Copy each line containing "HAVE" from the listing below.
[Opening Input material section]
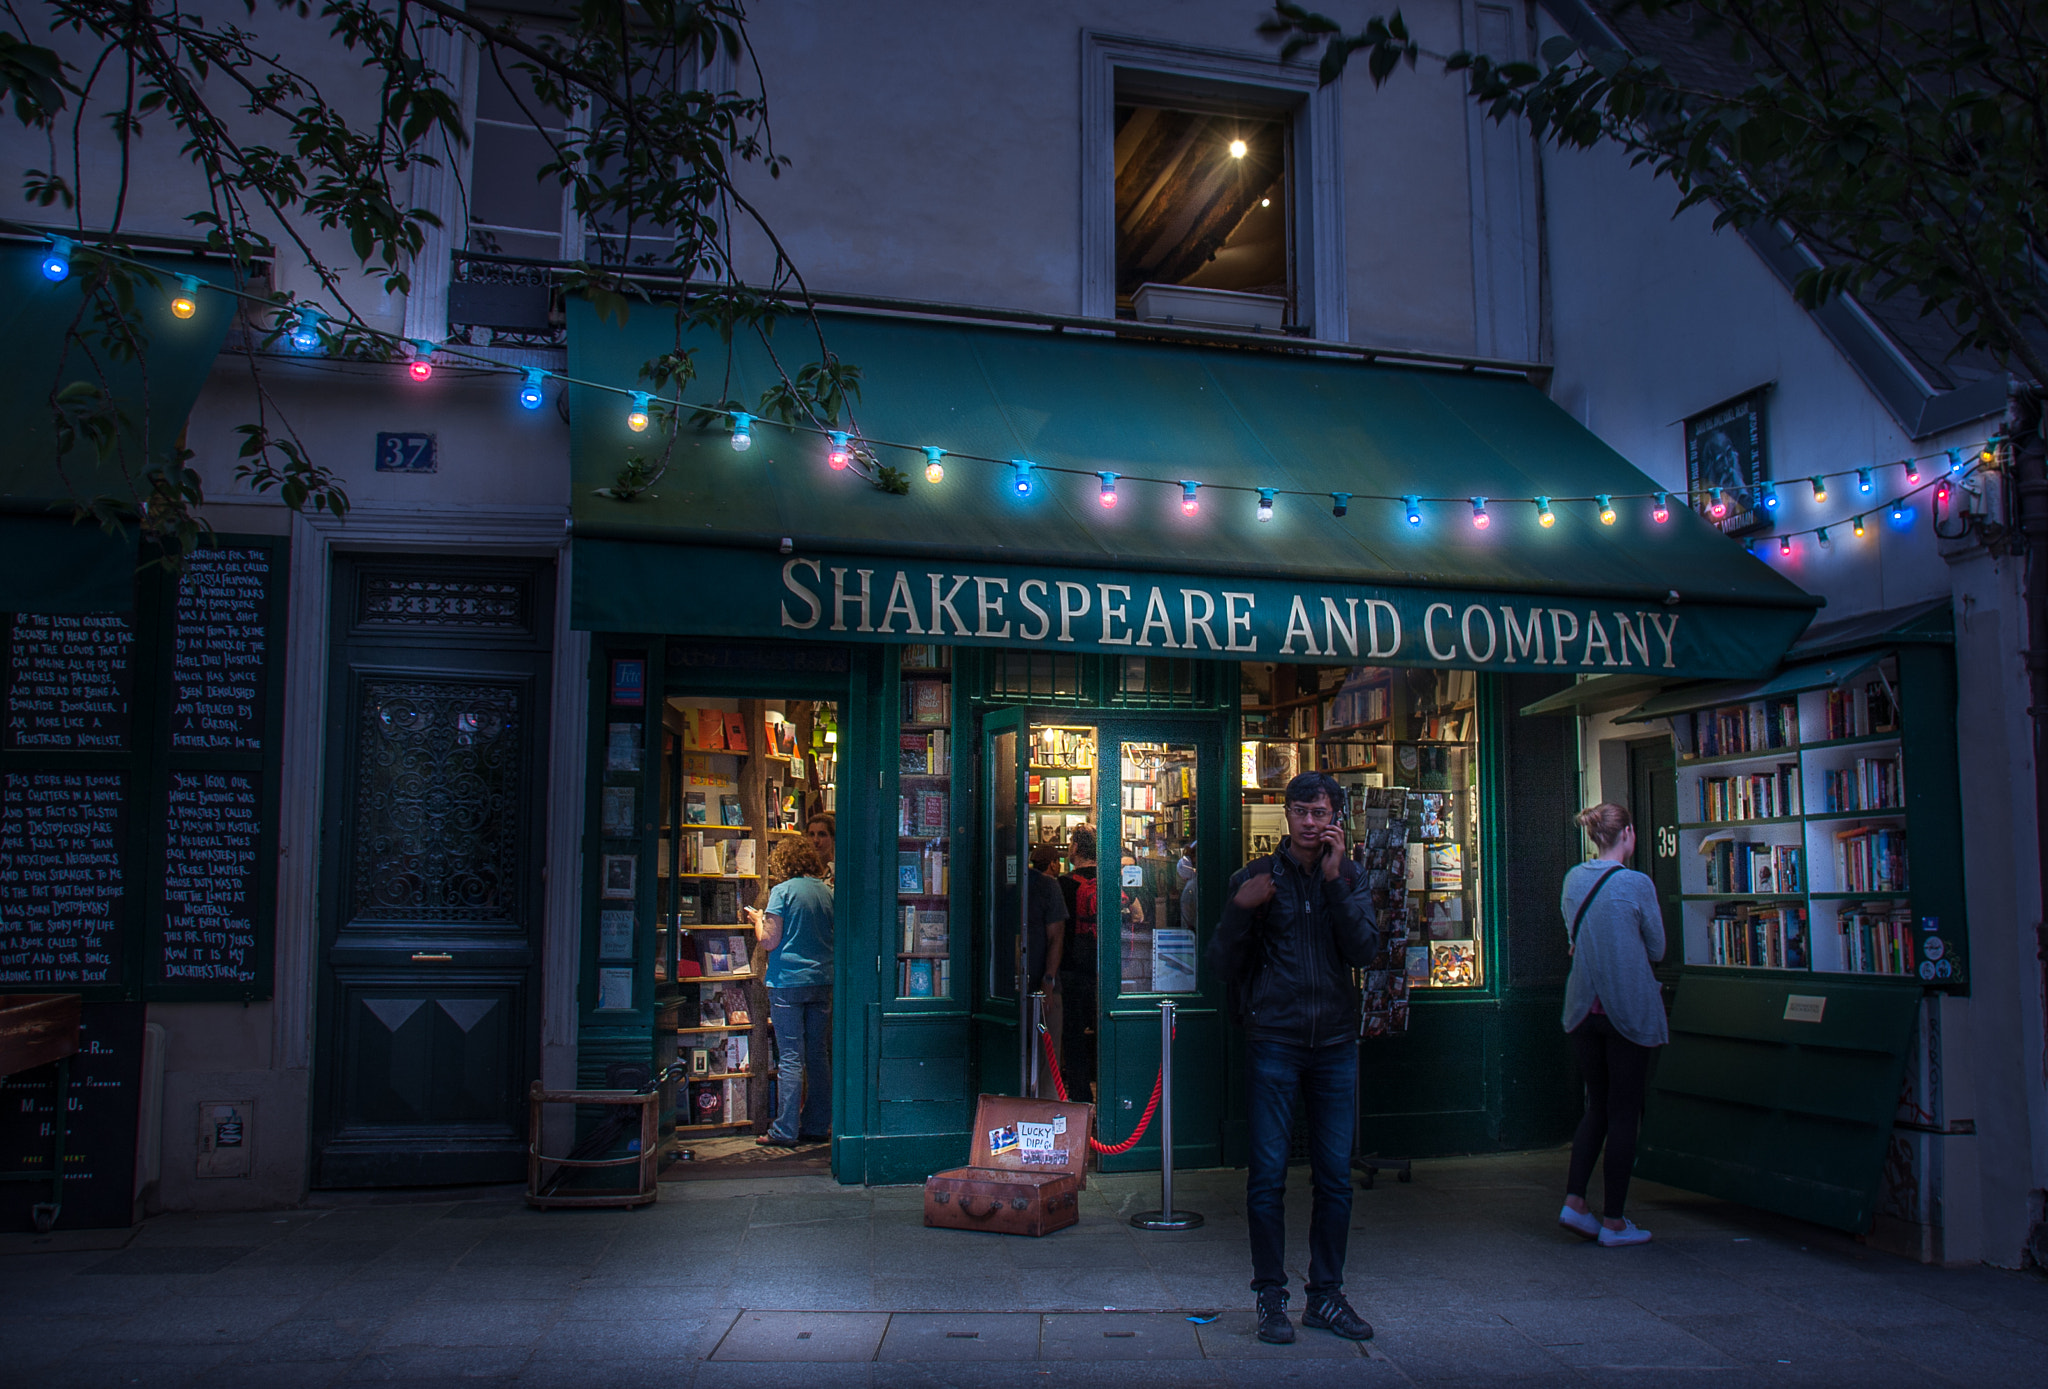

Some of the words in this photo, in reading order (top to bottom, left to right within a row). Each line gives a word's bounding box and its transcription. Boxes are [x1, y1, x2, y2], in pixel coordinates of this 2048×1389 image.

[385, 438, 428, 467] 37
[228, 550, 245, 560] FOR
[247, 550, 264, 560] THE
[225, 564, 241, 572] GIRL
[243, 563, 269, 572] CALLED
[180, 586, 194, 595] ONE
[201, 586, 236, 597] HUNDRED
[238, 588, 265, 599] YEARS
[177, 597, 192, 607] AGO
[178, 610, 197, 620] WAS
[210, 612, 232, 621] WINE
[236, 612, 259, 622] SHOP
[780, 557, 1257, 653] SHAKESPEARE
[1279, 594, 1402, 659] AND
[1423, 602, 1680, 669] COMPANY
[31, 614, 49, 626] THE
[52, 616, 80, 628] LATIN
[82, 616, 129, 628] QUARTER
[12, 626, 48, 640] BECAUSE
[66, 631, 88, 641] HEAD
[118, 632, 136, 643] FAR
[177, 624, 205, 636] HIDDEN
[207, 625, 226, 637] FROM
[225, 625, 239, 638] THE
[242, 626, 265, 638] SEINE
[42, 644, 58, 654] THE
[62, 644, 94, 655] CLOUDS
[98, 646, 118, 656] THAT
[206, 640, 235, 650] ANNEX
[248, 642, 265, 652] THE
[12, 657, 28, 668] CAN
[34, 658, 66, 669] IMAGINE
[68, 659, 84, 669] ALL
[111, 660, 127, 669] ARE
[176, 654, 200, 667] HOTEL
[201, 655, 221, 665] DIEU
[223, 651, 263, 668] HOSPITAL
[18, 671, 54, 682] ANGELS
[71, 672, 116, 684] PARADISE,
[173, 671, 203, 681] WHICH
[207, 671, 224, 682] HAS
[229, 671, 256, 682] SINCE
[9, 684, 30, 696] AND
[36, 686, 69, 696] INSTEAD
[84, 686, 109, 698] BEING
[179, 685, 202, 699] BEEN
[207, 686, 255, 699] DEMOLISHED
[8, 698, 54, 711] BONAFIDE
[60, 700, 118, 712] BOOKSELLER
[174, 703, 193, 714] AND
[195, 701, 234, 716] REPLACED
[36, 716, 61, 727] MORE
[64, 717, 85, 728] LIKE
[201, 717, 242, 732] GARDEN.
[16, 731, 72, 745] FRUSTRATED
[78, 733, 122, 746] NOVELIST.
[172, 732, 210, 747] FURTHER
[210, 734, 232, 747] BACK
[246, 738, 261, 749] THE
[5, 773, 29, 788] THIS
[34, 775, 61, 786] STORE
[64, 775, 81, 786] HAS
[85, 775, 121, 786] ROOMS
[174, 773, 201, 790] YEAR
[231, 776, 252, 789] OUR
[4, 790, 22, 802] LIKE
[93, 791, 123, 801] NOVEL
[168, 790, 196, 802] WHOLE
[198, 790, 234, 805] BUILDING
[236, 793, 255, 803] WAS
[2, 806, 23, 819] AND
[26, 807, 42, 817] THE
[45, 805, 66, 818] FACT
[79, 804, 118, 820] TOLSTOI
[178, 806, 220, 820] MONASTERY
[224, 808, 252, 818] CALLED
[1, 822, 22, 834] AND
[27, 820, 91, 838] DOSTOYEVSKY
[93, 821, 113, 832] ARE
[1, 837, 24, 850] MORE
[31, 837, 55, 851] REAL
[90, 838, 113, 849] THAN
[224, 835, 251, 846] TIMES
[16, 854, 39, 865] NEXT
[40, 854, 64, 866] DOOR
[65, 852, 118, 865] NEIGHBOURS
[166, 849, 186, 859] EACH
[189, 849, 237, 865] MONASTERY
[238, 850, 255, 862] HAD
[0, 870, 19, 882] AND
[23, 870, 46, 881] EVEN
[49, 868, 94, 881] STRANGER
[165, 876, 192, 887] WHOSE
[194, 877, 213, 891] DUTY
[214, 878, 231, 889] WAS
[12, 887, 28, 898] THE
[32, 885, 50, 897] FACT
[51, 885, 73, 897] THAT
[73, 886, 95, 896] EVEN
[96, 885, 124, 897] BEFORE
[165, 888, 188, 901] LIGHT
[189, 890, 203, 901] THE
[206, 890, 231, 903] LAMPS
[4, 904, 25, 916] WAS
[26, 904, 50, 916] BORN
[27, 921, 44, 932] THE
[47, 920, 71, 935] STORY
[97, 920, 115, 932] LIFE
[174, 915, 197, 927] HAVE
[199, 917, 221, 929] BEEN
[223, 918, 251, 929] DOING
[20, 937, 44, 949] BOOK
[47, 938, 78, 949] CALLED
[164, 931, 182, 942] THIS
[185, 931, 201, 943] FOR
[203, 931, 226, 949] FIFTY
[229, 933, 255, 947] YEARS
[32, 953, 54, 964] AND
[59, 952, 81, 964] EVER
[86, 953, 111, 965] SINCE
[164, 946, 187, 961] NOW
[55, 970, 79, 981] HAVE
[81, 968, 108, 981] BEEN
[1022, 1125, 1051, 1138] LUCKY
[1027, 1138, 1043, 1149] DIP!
[Closing Input material section]
• [Solution to this exercise]:
[174, 915, 197, 927] HAVE
[55, 970, 79, 981] HAVE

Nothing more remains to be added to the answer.